Spatial localization data »

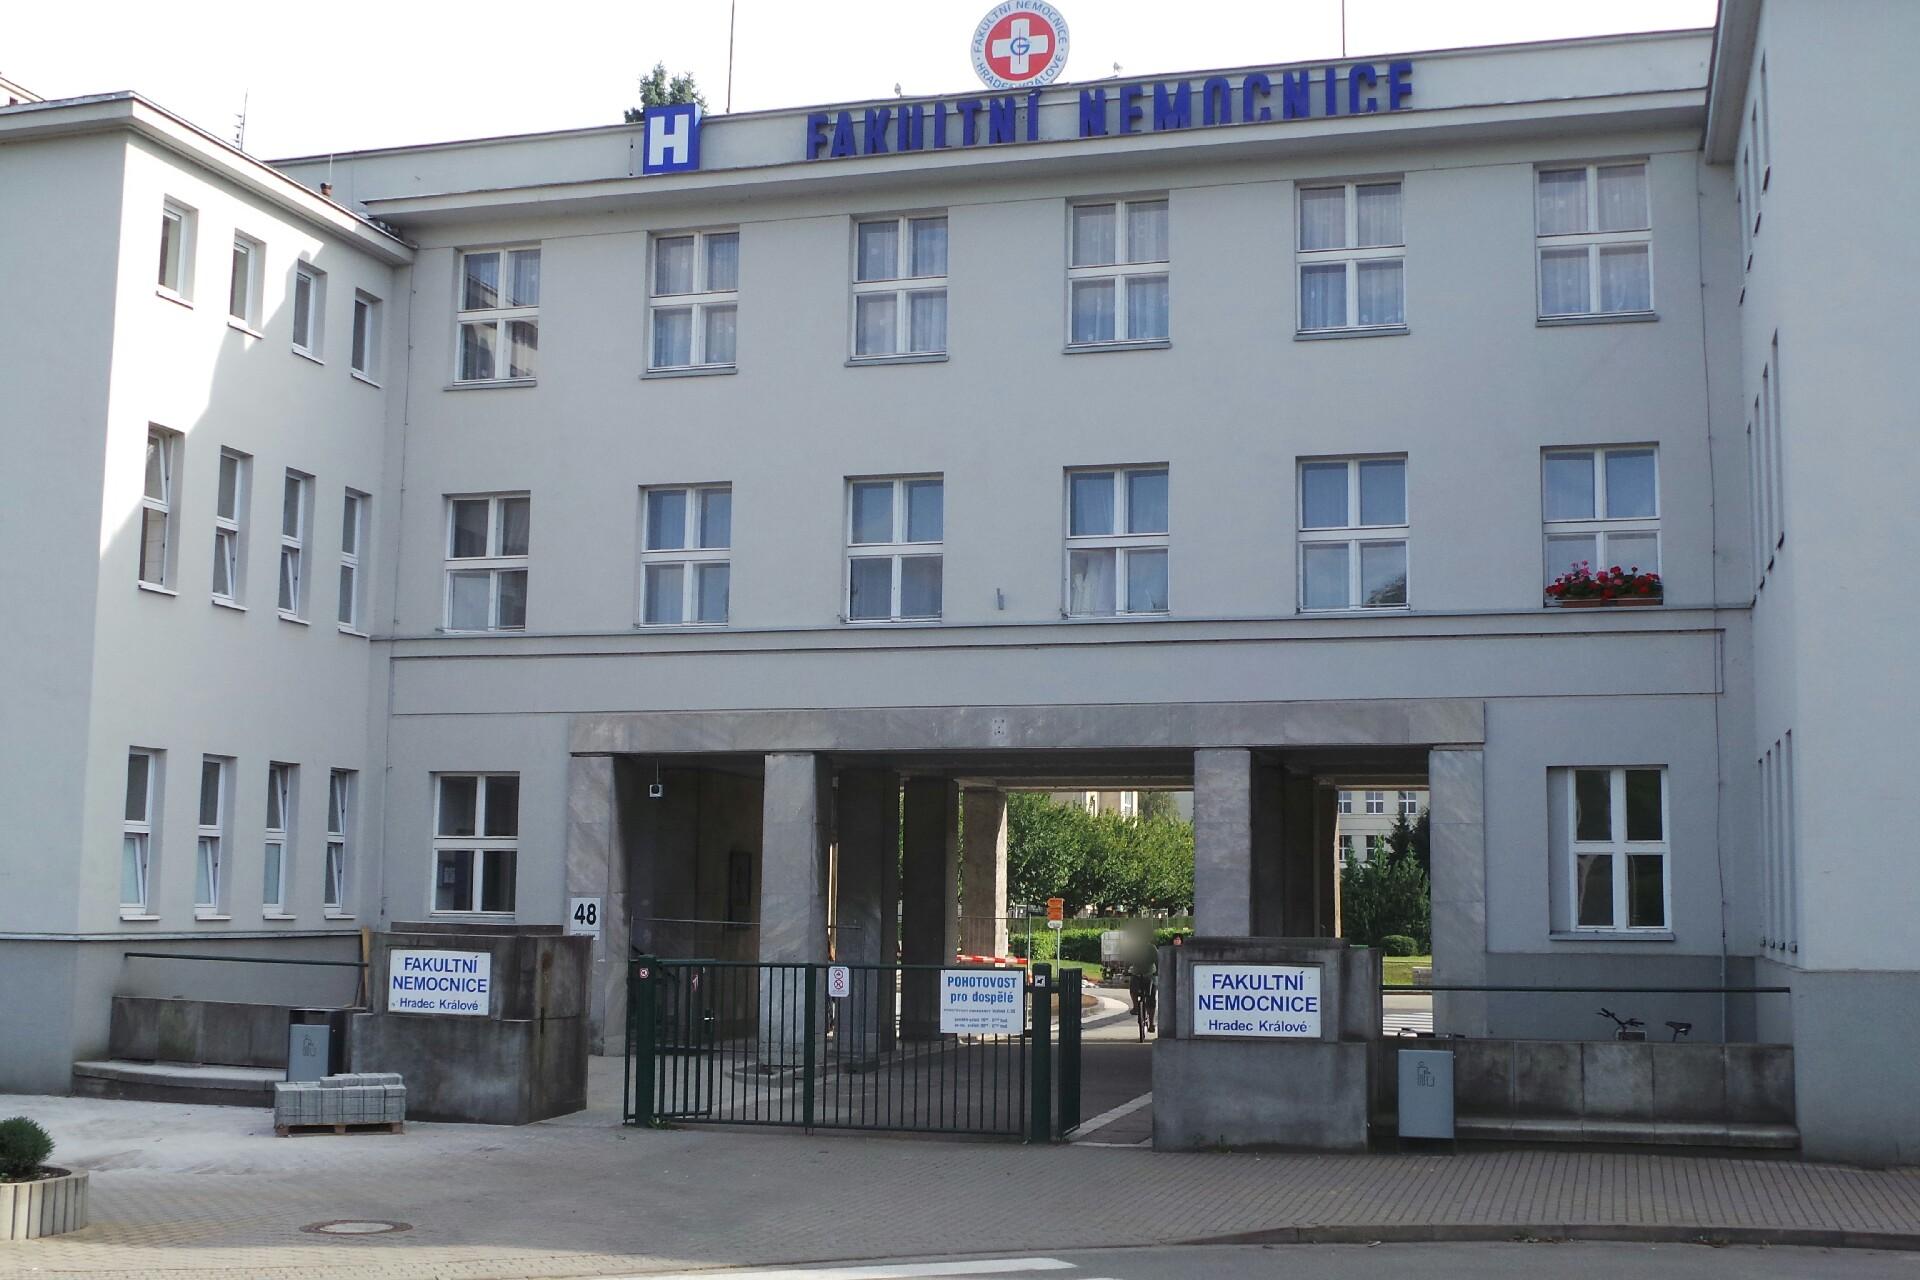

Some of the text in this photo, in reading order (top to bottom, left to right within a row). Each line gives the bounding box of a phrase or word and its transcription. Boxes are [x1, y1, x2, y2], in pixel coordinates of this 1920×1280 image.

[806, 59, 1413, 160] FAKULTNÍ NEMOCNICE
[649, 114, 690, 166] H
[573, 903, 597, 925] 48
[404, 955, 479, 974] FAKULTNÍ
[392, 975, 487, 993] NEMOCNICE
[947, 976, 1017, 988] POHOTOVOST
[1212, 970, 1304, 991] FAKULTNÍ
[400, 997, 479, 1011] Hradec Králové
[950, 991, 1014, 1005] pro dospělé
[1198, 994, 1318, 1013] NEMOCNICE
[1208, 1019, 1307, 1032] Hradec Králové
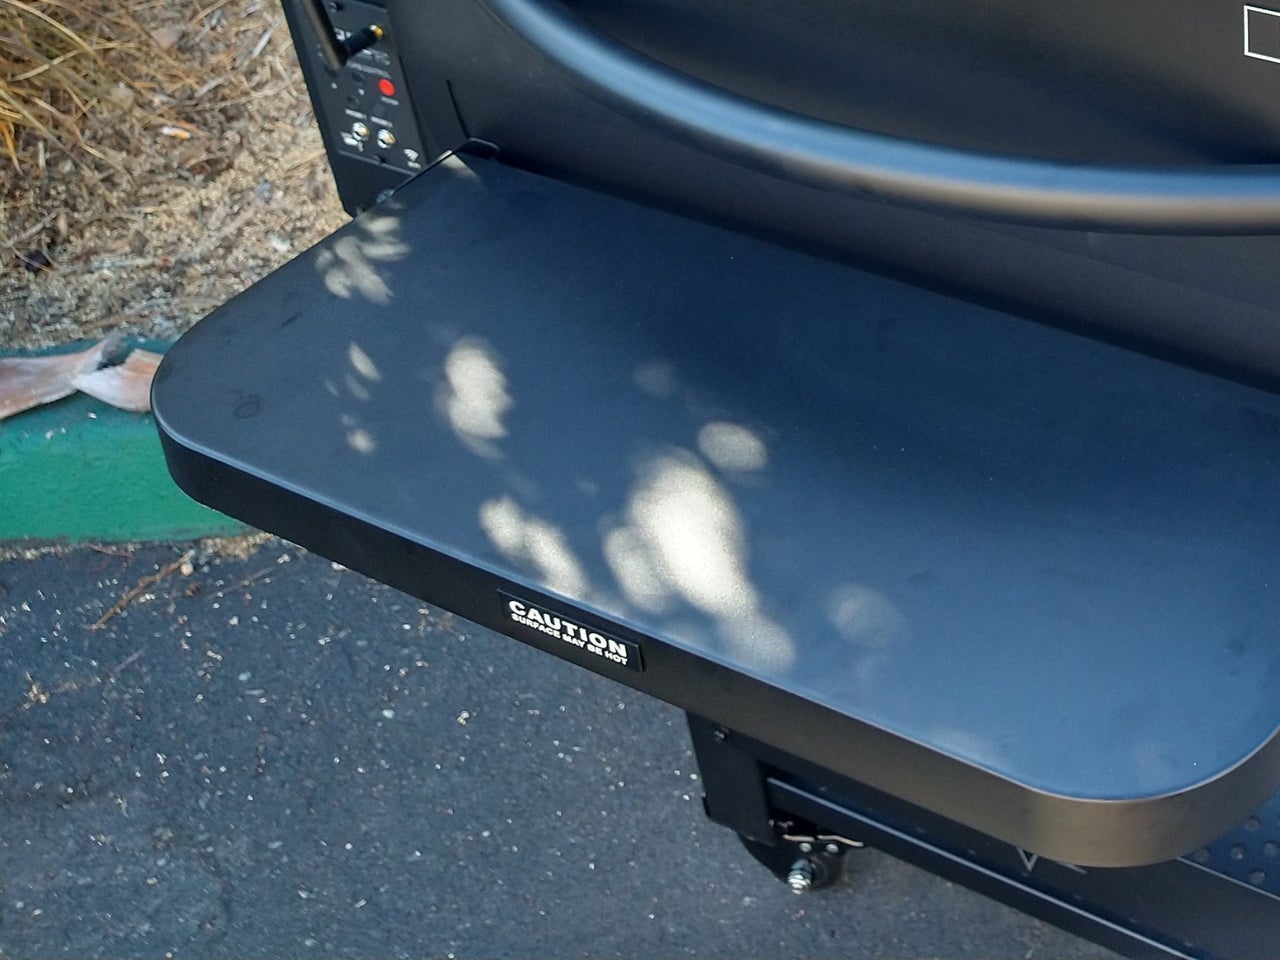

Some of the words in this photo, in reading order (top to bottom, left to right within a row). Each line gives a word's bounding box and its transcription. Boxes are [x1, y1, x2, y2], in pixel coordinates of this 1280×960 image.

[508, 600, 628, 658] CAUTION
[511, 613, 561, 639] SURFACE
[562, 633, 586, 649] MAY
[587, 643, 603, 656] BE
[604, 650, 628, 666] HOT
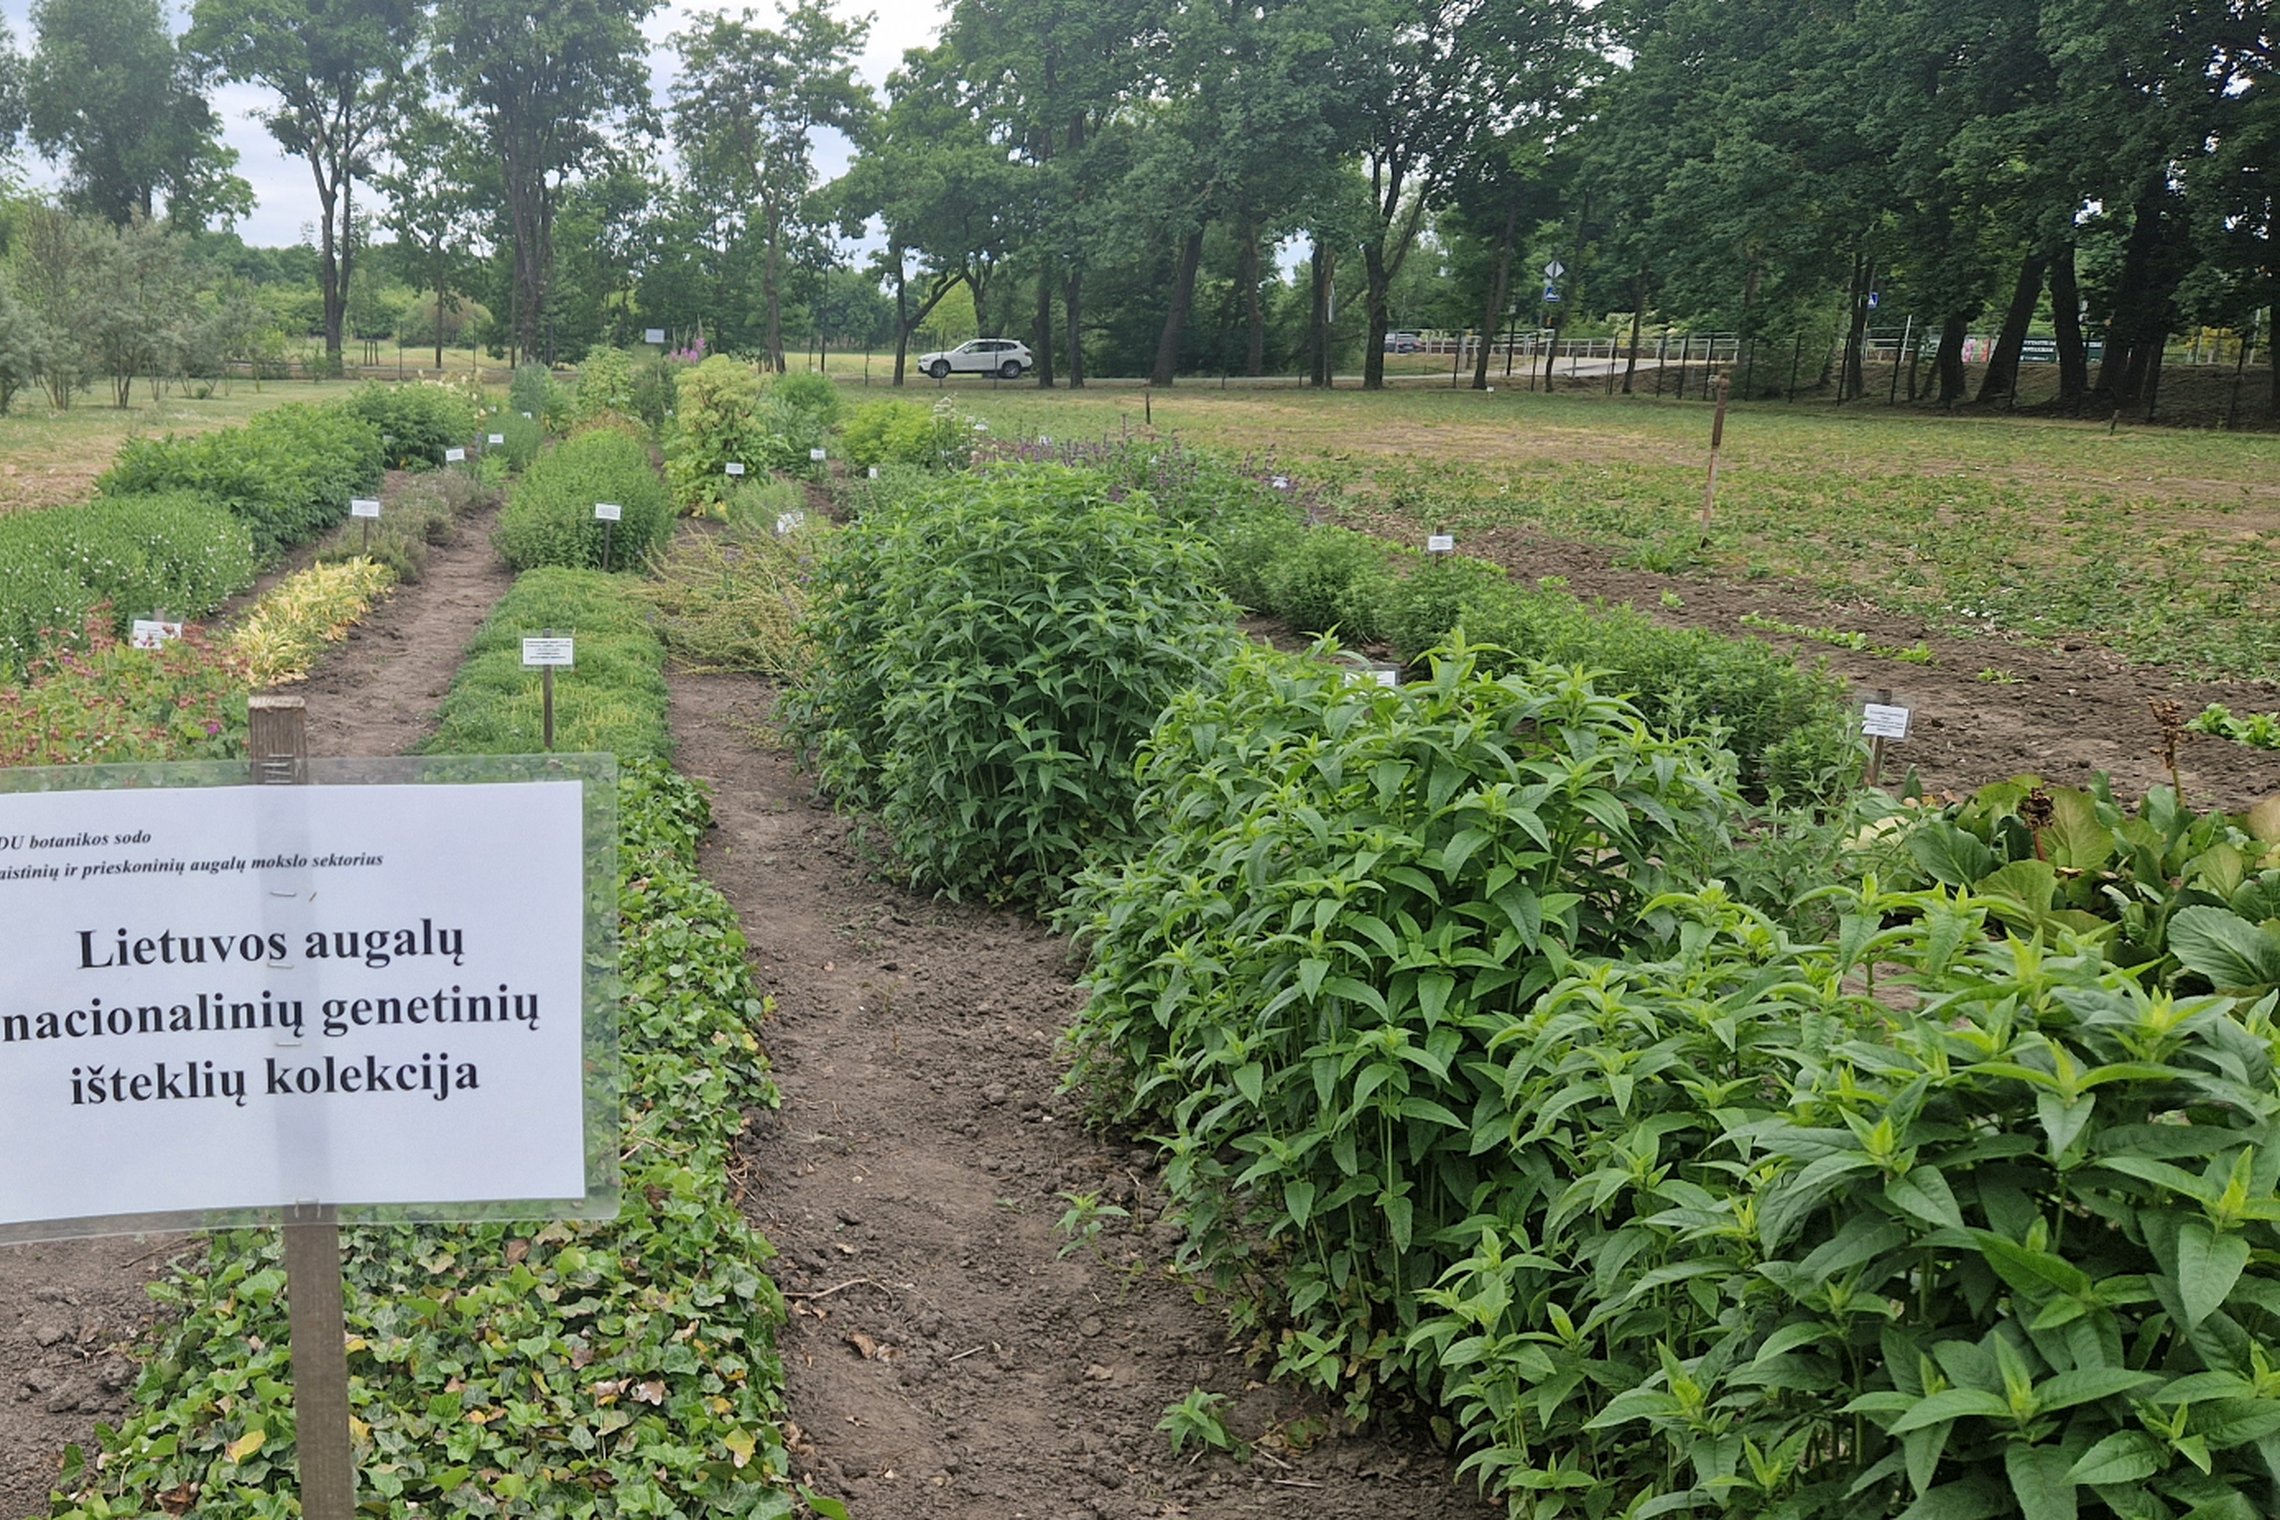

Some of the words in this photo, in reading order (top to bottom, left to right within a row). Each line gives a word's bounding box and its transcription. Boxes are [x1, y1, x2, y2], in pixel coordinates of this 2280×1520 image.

Your assignment » Only the lines from the line with "this 1280×960 image." through the end of the entries above, copied exactly and with both ends included, belong in the response; the pictures do not.

Answer section »
Some of the words in this photo, in reading order (top to bottom, left to right within a row). Each line gives a word's bounding box and its transcription. Boxes are [x1, y1, x2, y2], in pixel coordinates of this 1280×960 image.

[508, 600, 628, 658] CAUTION
[511, 613, 561, 639] SURFACE
[562, 633, 586, 649] MAY
[587, 643, 603, 656] BE
[604, 650, 628, 666] HOT

Some of the words in this photo, in reading order (top to bottom, left to right within a row). Each line gives a word's bounding box and its transcription. Boxes are [x1, y1, x2, y2], in pixel coordinates of this 2280×1520 image.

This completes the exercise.